Et tandis que le mur de Berlin en est venu à incarner les récits des peuples des deux côtés de la division politique, de vastes zones situées le long du reste de la frontière est-ouest sont devenues un espace largement isolé des interactions humaines. Dans ces zones, la nature a pris le dessus et la bande frontalière est devenue un habitat vivant pour la flore et la faune locales. De vastes étendues de ces biosphères involontaires sont maintenant sous protection internationale.

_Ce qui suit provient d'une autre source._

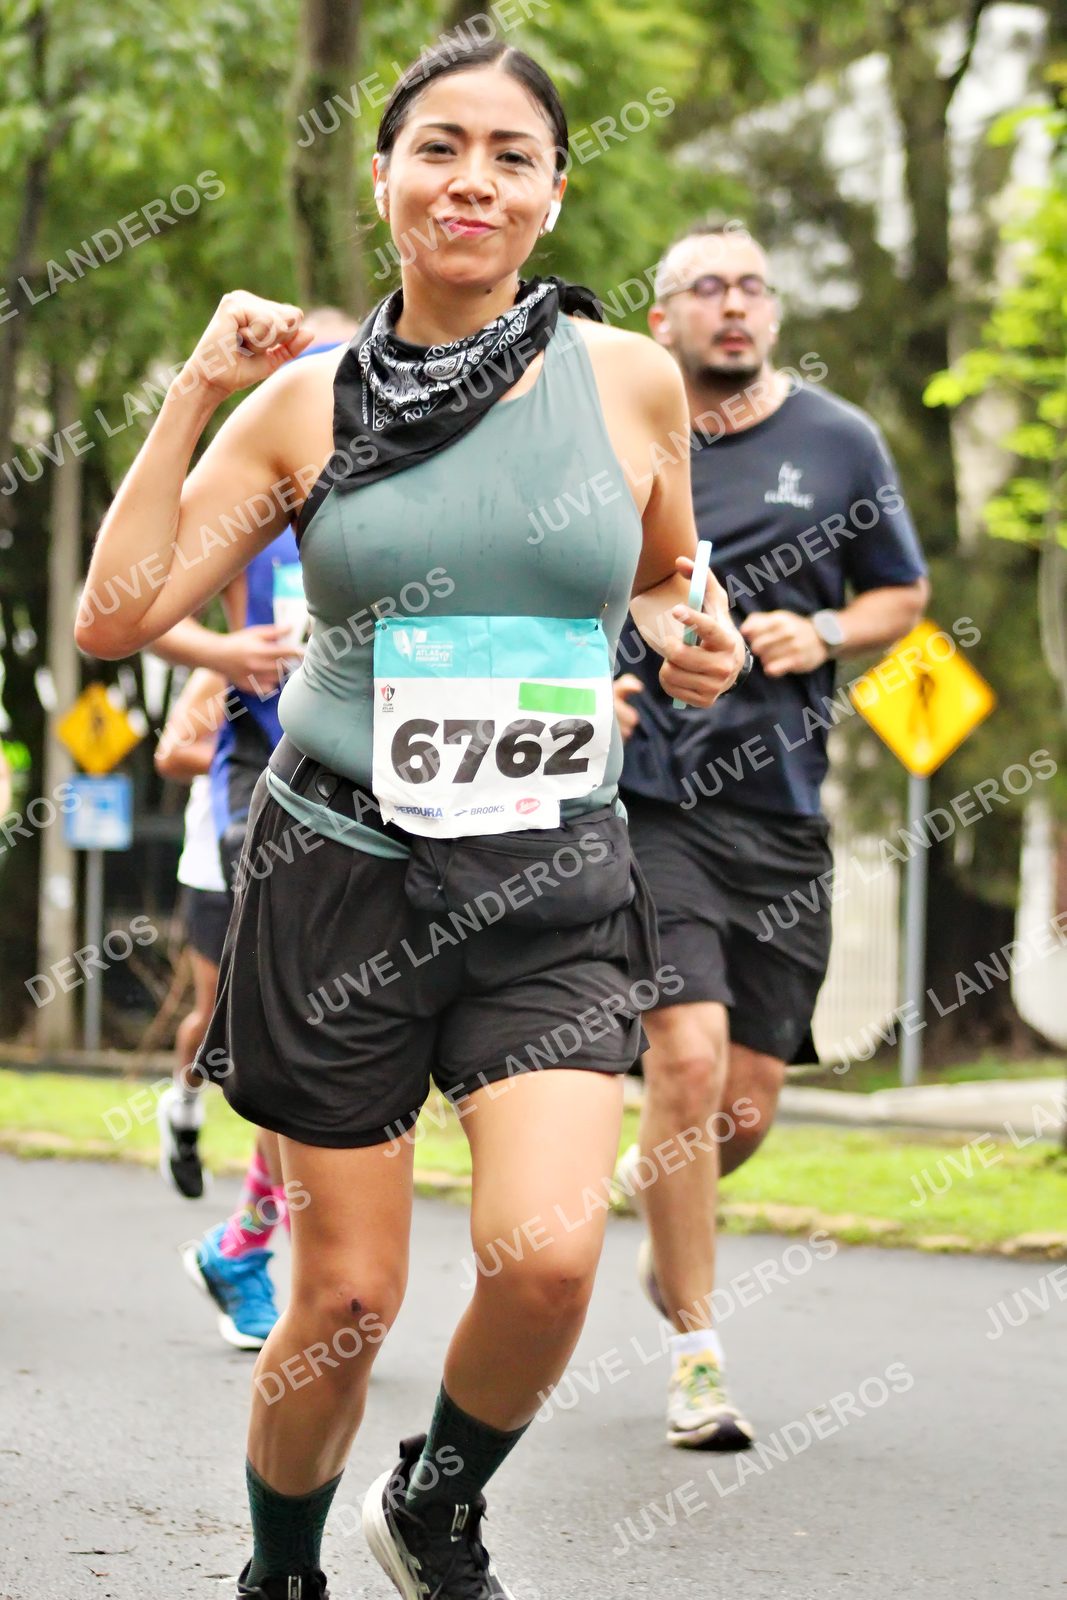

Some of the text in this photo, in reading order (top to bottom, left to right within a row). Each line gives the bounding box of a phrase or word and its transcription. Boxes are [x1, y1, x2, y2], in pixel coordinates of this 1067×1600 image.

[391, 718, 595, 785] 6762
[393, 805, 444, 818] PERDURA
[470, 805, 505, 816] BROOKS

Vélo garé, je me dirigeai vers le lac, croisant le chemin d'une femme au bord de l'eau. Elle était en train de cueillir les fleurs sauvages dans un tas de mauvaises herbes et de feuilles.

Cueillette de fleurs sauvages
Cueillette de fleurs sauvages

Les images sur les repères historiques de la région montraient un terrain qui semblait autrefois vide. En route vers le lac, je suis passé devant une famille en train de pique-niquer dans l'herbe, un vieux couple dont les années ont probablement passé au-delà de la vie du mur marchant main dans la main, un groupe d'adolescents chargés de guitares, alternant chants et sodomies. des canettes, des cyclistes adaptés à l’élasthanne et des cavaliers.

Je me suis arrêté pour regarder la femme cueillir des fleurs sauvages. Même si le mur est en grande partie disparu, à ce moment-là, j'ai réalisé qu'il est toujours plus vivant que mort. Le sentier sinueux que j'avais suivi est la dernière itération du mur, la marque la plus récente de son histoire. Plutôt que d'être complètement détruits, les restes du mur et le chemin qu'ils ont suivi ont été transformés en quelque chose de nouveau.

En cet après-midi d'été ensoleillé, chaque personne sur le sentier s'engageait avec le mur de manière à ouvrir des fenêtres sur le présent de Berlin, tout comme sur son passé. C'est toujours un élément vivant de la culture matérielle. Les pique-niqueurs, les familles, les musiciens, les cyclistes - étaient tous des instantanés de Berlin aujourd'hui. En parcourant le sentier, je me sentais en équilibre, vivant et faisant partie d'une communauté.

La femme retourna à son vélo et attacha son bouquet fait main au panier à l'arrière. Nous nous saluâmes l'un l'autre en signe de reconnaissance alors qu'elle souriait et partait à pied. Je suis remonté sur mon propre vélo, en suivant son exemple.